CRISPR supports the development of treatments that target specific disease-causing mutations, which may reduce the need for broader interventions and limit off-target biological effects in conditions where the causal variant is well characterized. However, there are some challenges and ethical issues to consider.

Challenges in CRISPR-based precision medicine

Regulatory landscape for CRISPR-based therapies

While ethical considerations and evolving regulatory guidance on gene-editing technologies have slowed clinical uptake overall, recent approvals have established a clear clinical precedent. Exagamglogene autotemcel ("exa-cel"), marketed as Casgevy, has received authorization for sickle cell disease and transfusion-dependent beta-thalassemia from the MHRA, FDA, and European regulators (NSF; context).
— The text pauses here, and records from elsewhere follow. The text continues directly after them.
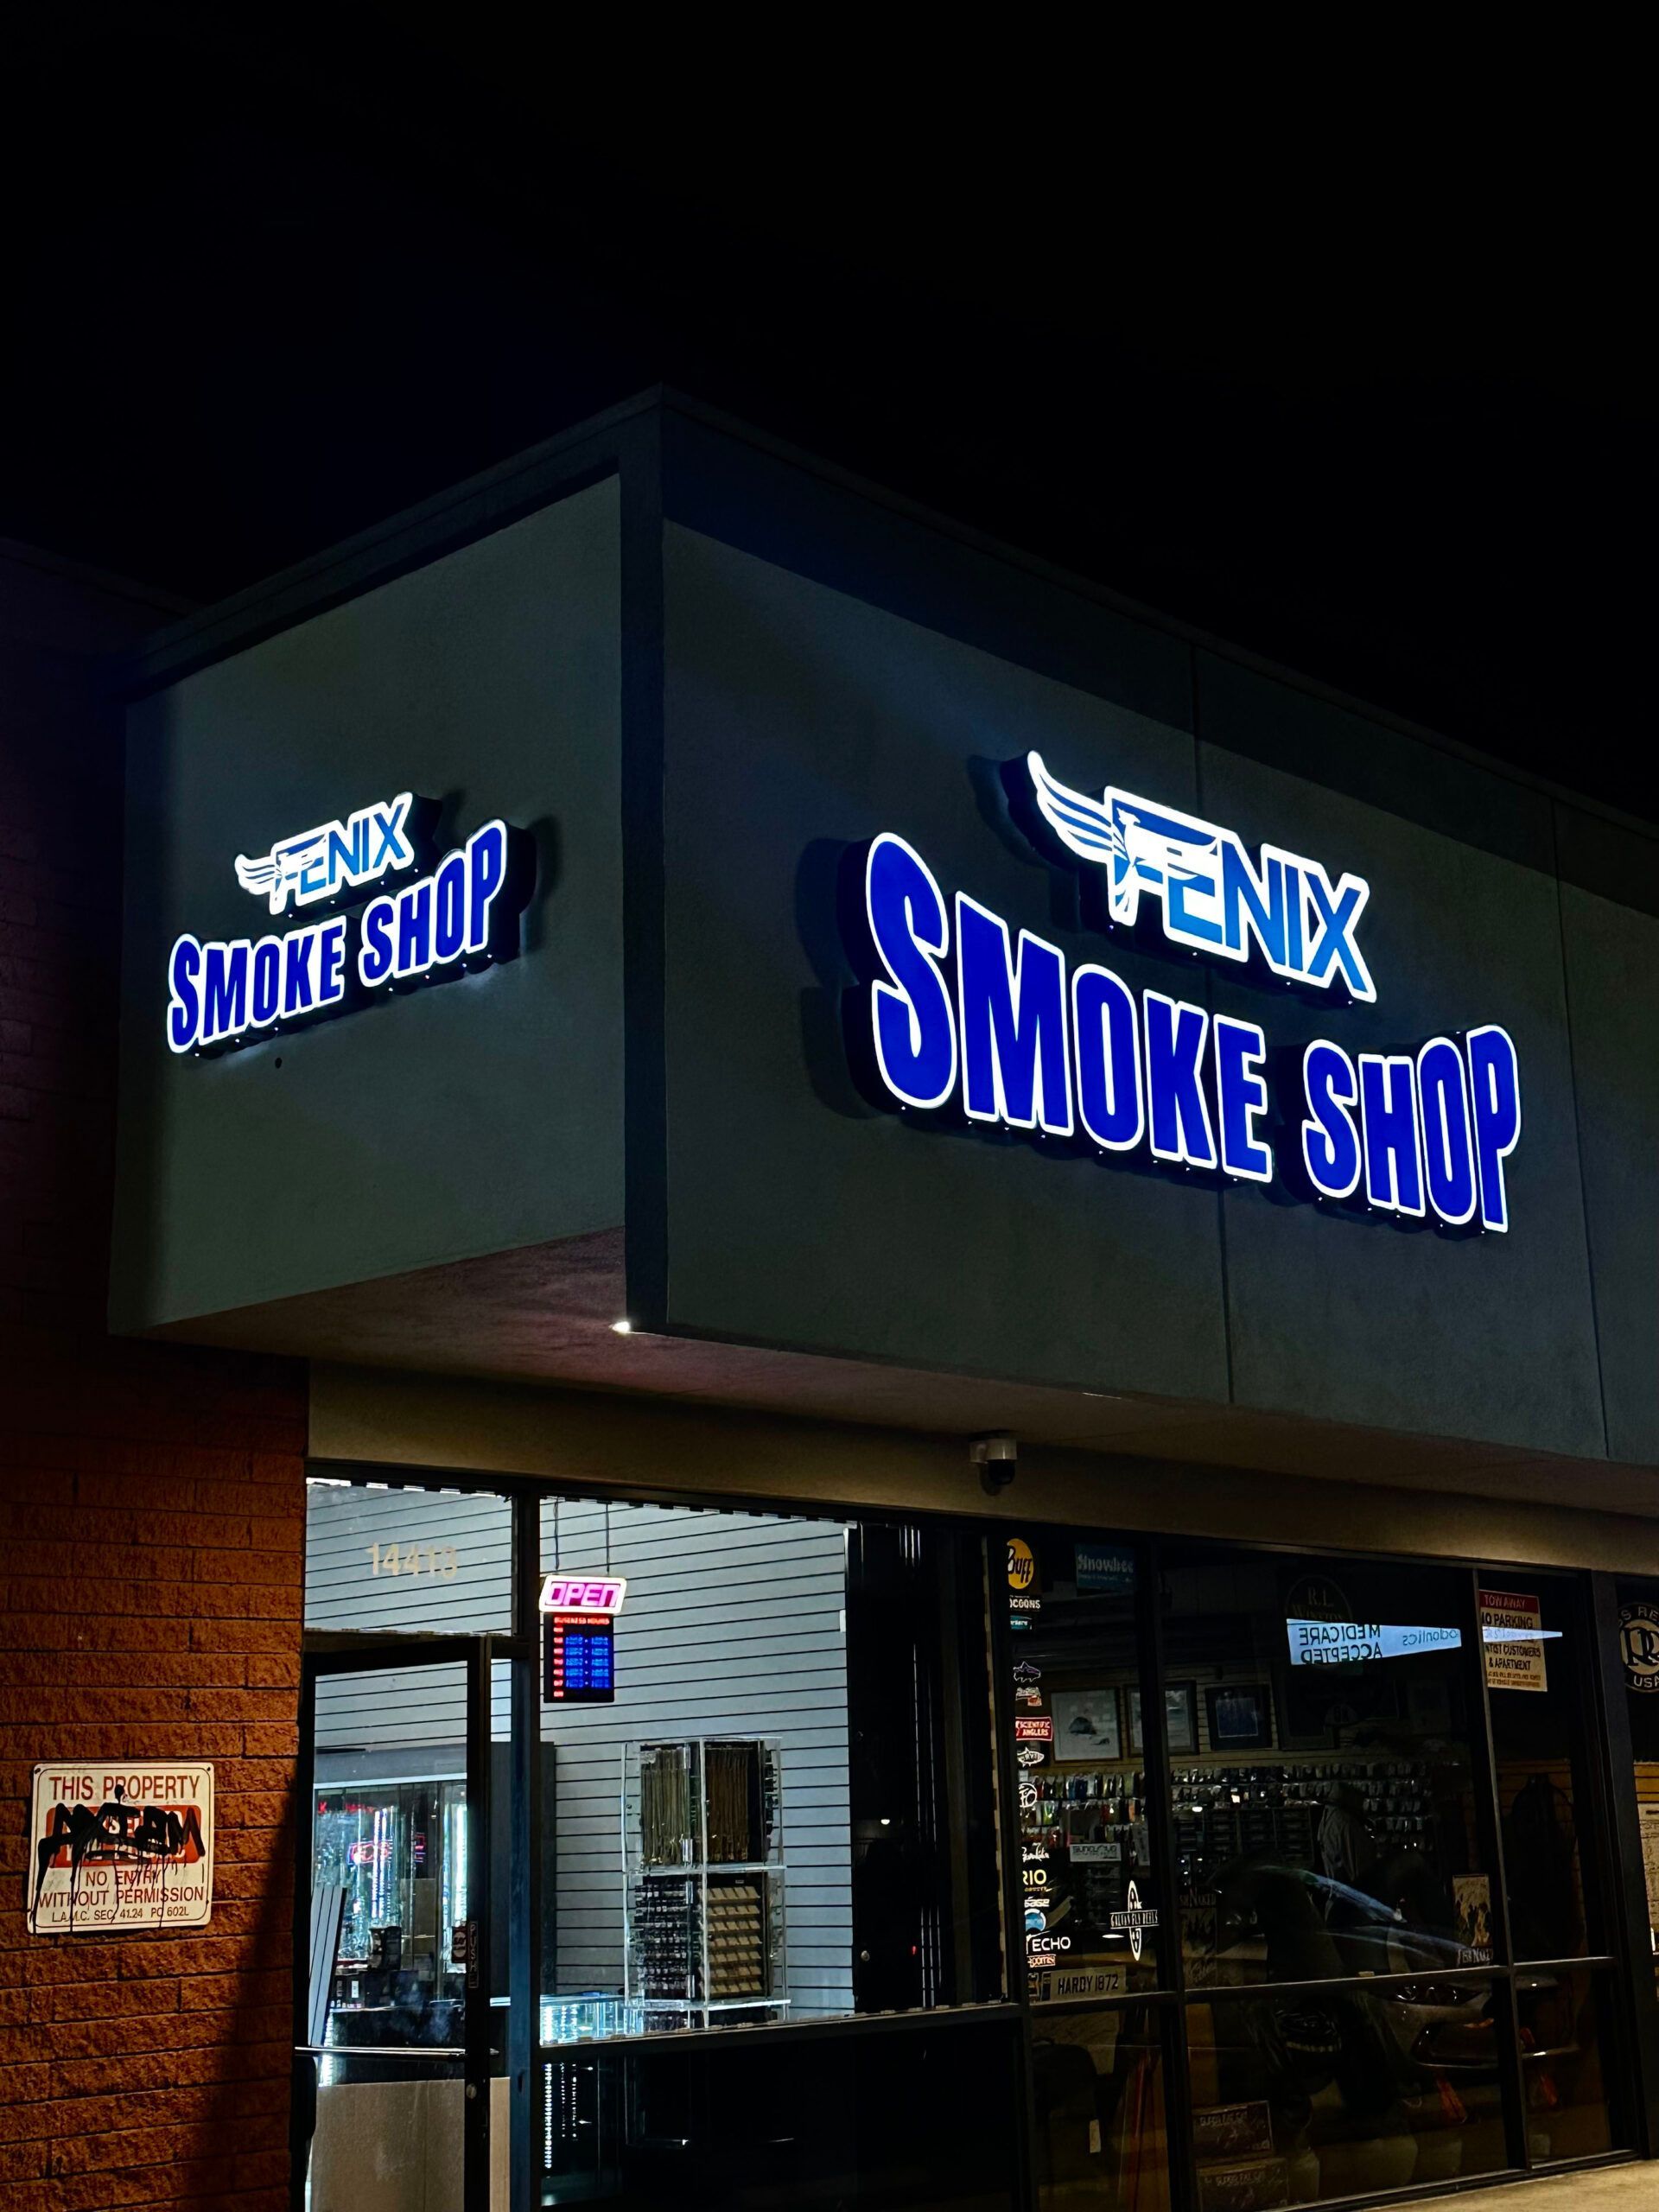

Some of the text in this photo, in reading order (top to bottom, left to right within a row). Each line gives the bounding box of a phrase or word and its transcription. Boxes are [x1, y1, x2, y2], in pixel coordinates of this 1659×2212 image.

[266, 792, 414, 915] FENIX
[1104, 785, 1377, 1002] FENIX
[168, 819, 507, 1053] SMOKE SHOP
[866, 832, 1522, 1233] SMOKE SHOP
[545, 1581, 621, 1607] OPEN
[1494, 1612, 1533, 1628] PARKING
[48, 1776, 94, 1801] THIS
[86, 1871, 108, 1887] NO
[40, 1886, 204, 1909] WITHOUT PERMISSION
[1032, 1936, 1071, 1953] ECHO
[1058, 1973, 1119, 1995] HARDY 1872
Reimbursement complexity adds a downstream constraint that sponsors of CRISPR-based therapies must account for earlier in program planning. In Europe particularly, the need to negotiate pricing and payment frameworks separately across individual markets means that approval alone does not guarantee patient access — a factor that affects how sponsors assess commercial viability, site selection, and the geographic scope of their late-phase trials. In Europe, the approval process is further complicated because pricing and payment agreements must be negotiated separately with individual countries and regions, potentially hindering patient access to necessary therapies. Additionally, ongoing discussions revolve around defining and categorising genome-editing products, particularly when they are administered using different methods.

Conclusion

CRISPR-associated systems and other gene-editing tools are in active clinical development for hereditary diseases, viral infections, and certain cancers. Regulatory filings and early clinical data indicate growing, though still conditional, confidence in their therapeutic potential. Translating CRISPR-based therapies into clinical practice will require harmonized regulatory standards, rigorous safety frameworks, and clear guidance on product classification and reimbursement pathways, with responsibility, transparency, and ethical consideration at every step.
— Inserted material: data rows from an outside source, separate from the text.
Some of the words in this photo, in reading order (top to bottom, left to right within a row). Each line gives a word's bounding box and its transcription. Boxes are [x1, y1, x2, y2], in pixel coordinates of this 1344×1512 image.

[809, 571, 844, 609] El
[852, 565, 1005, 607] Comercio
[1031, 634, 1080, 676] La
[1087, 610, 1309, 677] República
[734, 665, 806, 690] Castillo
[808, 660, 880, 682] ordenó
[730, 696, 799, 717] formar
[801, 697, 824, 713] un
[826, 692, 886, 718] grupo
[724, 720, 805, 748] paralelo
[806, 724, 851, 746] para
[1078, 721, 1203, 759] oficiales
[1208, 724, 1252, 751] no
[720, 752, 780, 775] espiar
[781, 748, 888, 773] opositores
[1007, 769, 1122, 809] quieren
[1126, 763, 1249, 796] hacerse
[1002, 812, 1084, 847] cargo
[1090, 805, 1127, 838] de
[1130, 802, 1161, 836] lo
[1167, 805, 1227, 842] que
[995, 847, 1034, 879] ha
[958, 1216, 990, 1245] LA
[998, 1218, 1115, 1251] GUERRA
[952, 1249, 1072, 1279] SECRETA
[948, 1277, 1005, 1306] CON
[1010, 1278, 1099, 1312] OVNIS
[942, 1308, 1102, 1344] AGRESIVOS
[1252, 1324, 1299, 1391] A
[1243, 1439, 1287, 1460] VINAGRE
Key technical barriers remain, including editing efficiency, delivery to target cells, and reducing off-target effects. Progress on each is necessary before broad clinical deployment becomes viable. And, at the same time, it is crucial to establish a harmonized regulatory framework, both on an international and domestic level, to ensure that individuals who stand to benefit from these treatments can readily access them.